Tiffany Design
Ranked #8,358 in Arts & Design, #141,546 overall
Tiffany Design
Louis Comfort Tiffany (February 18, 1848 - January 17, 1933) made a lasting impact on stained glass Art as well as interior design. More than a 100 years after his family started to create these beautiful items, the Tiffany style is still very popular.
Louis Comfort Tiffany: A Brief History
Louis Comfort Tiffany (February 18, 1848 - January 17, 1933) was an American artist and designer who worked in the decorative arts and is best known for his work in stained glass and is the American artist most associated with the Art Nouveau and Aesthetic movements. Tiffany was affiliated with a prestigious group of designers known as the Associated Artists which included Lockwood de Forest, Candace Wheeler, and Samuel Colman. Tiffany designed stained glass windows and lamps, glass mosaics, blown glass, ceramics, jewelry, enamels and metalwork.Louis was the son of Charles Lewis Tiffany, founder of Tiffany and Company; and Harriet Olivia Avery Young. Louis married Mary Woodbridge Goddard (c1850-1884) on May 15, 1872 in Norwich, Connecticut.
He became interested in glassmaking from about 1875 and worked at several glasshouses in Brooklyn between then and 1878. In 1879, he joined with Samuel Colman and Lockwood de Forest to form Louis Comfort Tiffany and Associated American Artists. Tiffany's leadership and talent, as well as by his father's money and connections, led this business to thrive.
A desire to concentrate on art in glass led to the breakup of the firm in 1885, when Tiffany chose to establish his own glassmaking firm later that same year. The first Tiffany Glass Company was incorporated on December 1, 1885, which in 1900 became known as the Tiffany Studios.
Tiffany used opalescent glass in a variety of colors and textures to create a unique style of stained glass. This can be contrasted with the method of painting in glass paint or enamels on colorless glass that had been the dominant method of creating stained glass for several hundred years in Europe. (The First Presbyterian Church building of 1905 in Pittsburgh, Pennsylvania is unique in that it uses Tiffany windows that partially make use of painted glass.) Use of the colored glass itself to create stained glass pictures was motivated by the ideals of the Arts and Crafts movement and its leader William Morris in England. Fellow artist and glassmaker John La Farge was Tiffany's chief competitor in this new American style of stained glass. Both La Farge and Tiffany had learned their craft at the same glasshouses in Brooklyn in the late-1870s.
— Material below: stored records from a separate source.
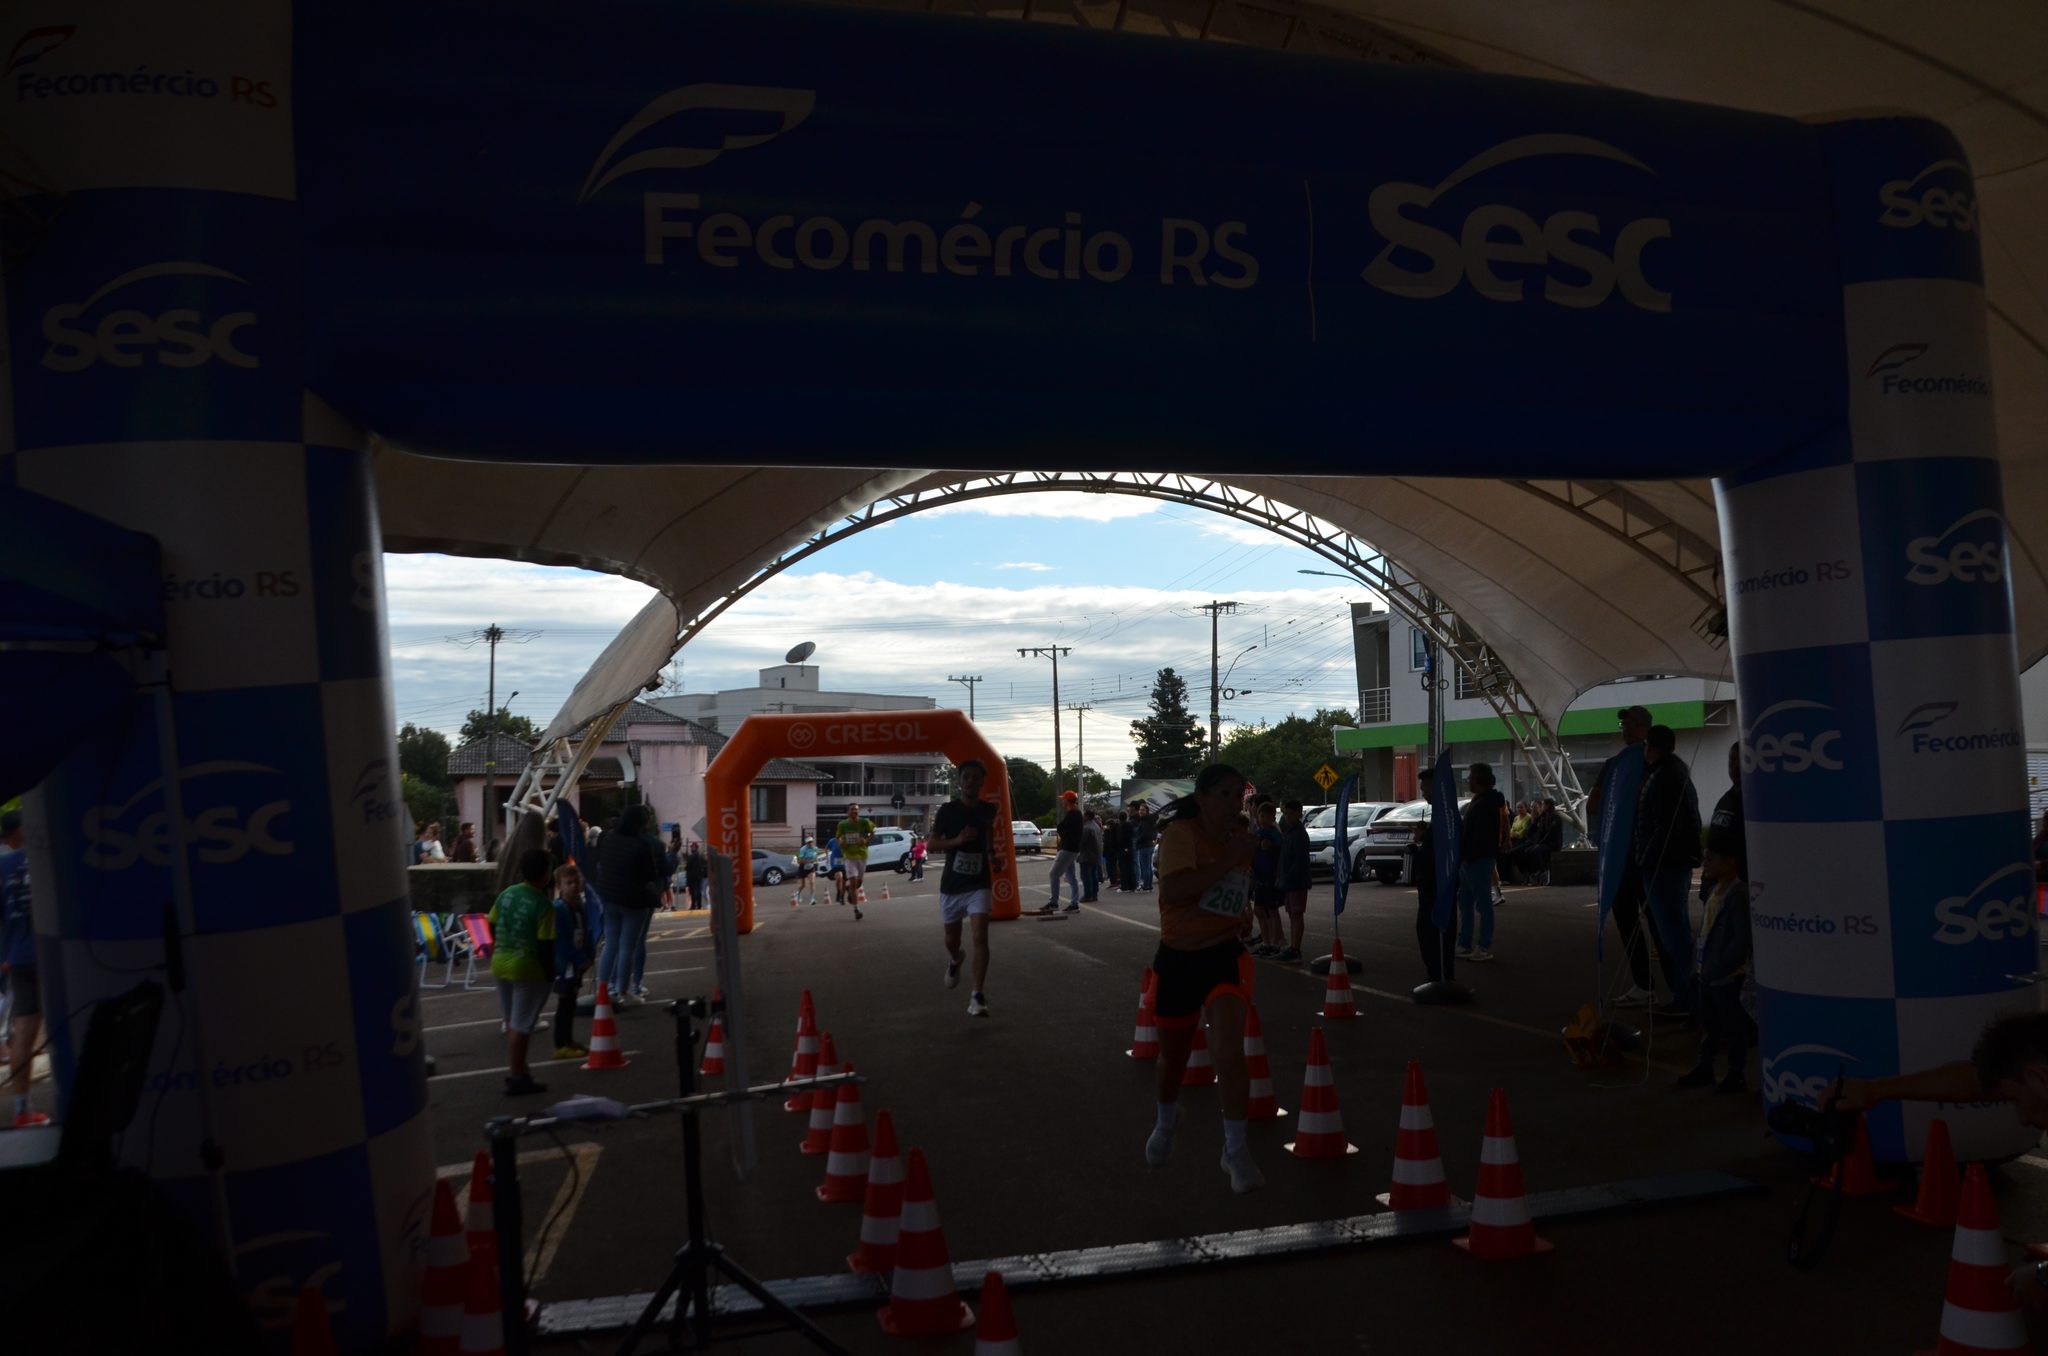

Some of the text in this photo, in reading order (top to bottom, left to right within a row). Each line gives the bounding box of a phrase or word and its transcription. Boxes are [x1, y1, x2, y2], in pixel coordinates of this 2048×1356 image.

[17, 66, 277, 108] Fecomércio RS
[1876, 179, 1977, 232] Ses
[643, 190, 1260, 289] Fecomércio RS
[256, 570, 300, 597] RS
[1816, 560, 1851, 582] RS
[825, 721, 929, 744] CRESOL
[1206, 886, 1243, 914] 268
[1844, 915, 1878, 935] RS
[304, 1041, 344, 1072] RS
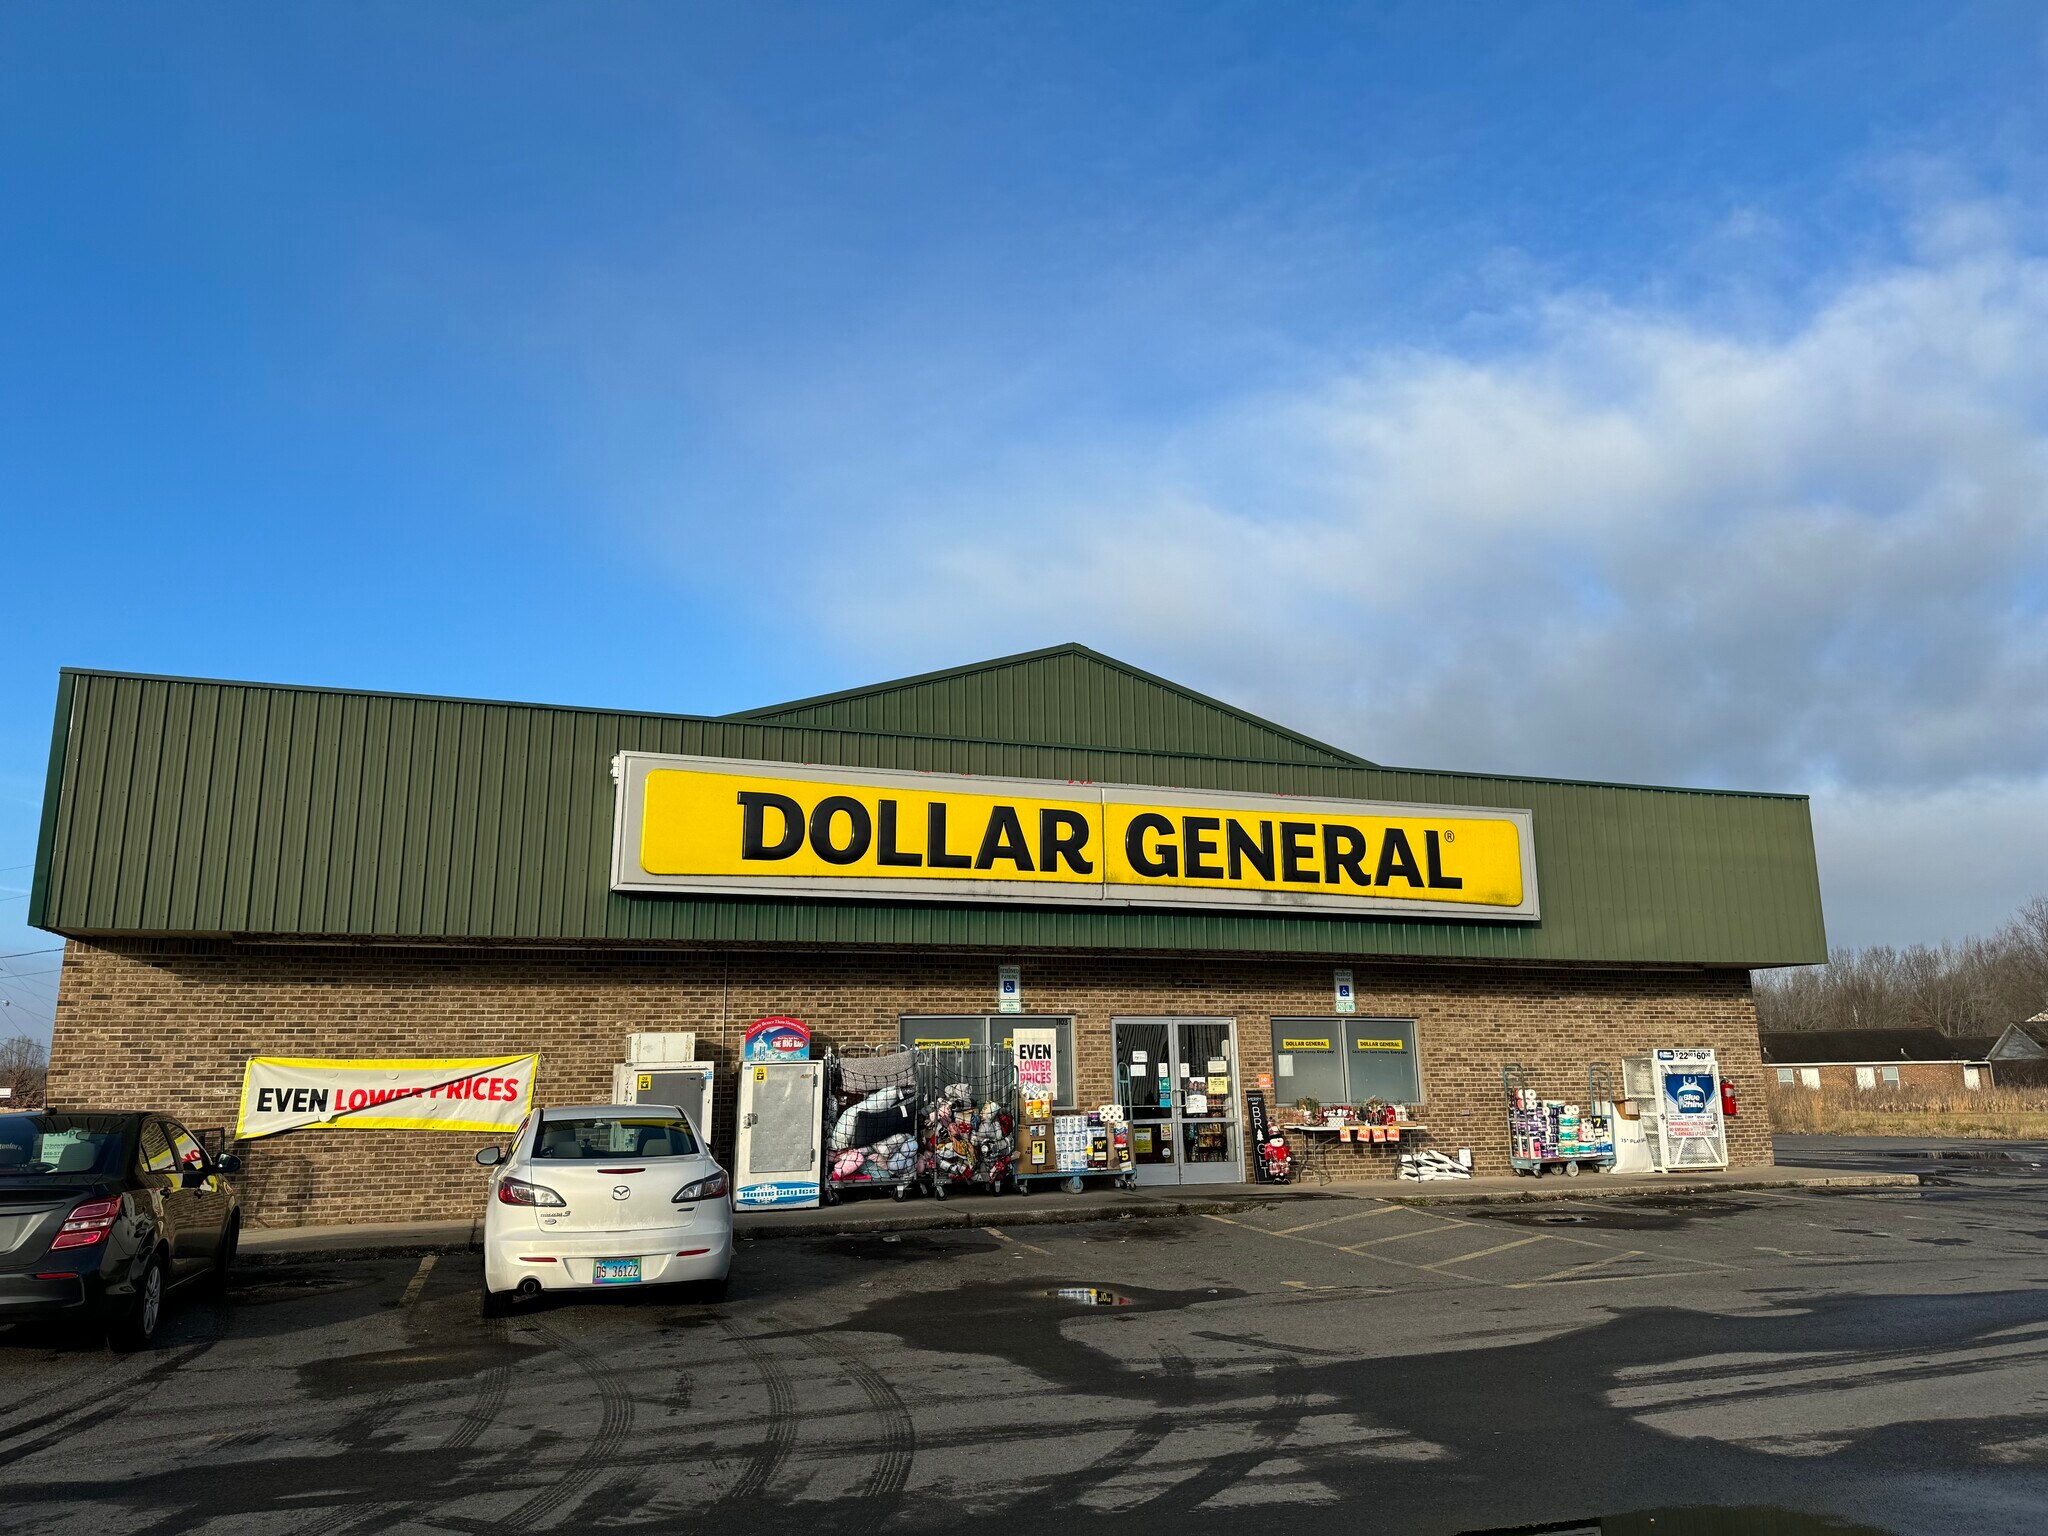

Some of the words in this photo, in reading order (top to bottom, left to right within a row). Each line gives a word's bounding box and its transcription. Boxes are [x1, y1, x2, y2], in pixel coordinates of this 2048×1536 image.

In 1893 Tiffany built a new factory, called the Stourbridge Glass Company, later called Tiffany Glass Furnaces, which was located in Corona, Queens, New York.
Tiffany History Continued

This piece is known as the Tree of Life
He trademarked Favrile (from the old French word for handmade) on November 13, 1894. He later used this word to apply to all of his glass, enamel and pottery. Tiffany's first commercially produced lamps date from around 1895. Much of his company's production was in making stained glass windows and Tiffany lamps, but his company designed a complete range of interior decorations. At its peak, his factory employed more than 300 artisans.
He used all his skills in the design of his own house, the 84-room Laurelton Hall, in Oyster Bay, Long Island, completed in 1905. Later this estate was donated to his foundation for art students along with 60 acres (243,000 m²) of land, sold in 1949, and was destroyed by a fire in 1957.
Tiffany Glass Factory
Louis Comfort Tiffany died on January 17, 1933, and was buried in Greenwood Cemetery in Brooklyn, New York.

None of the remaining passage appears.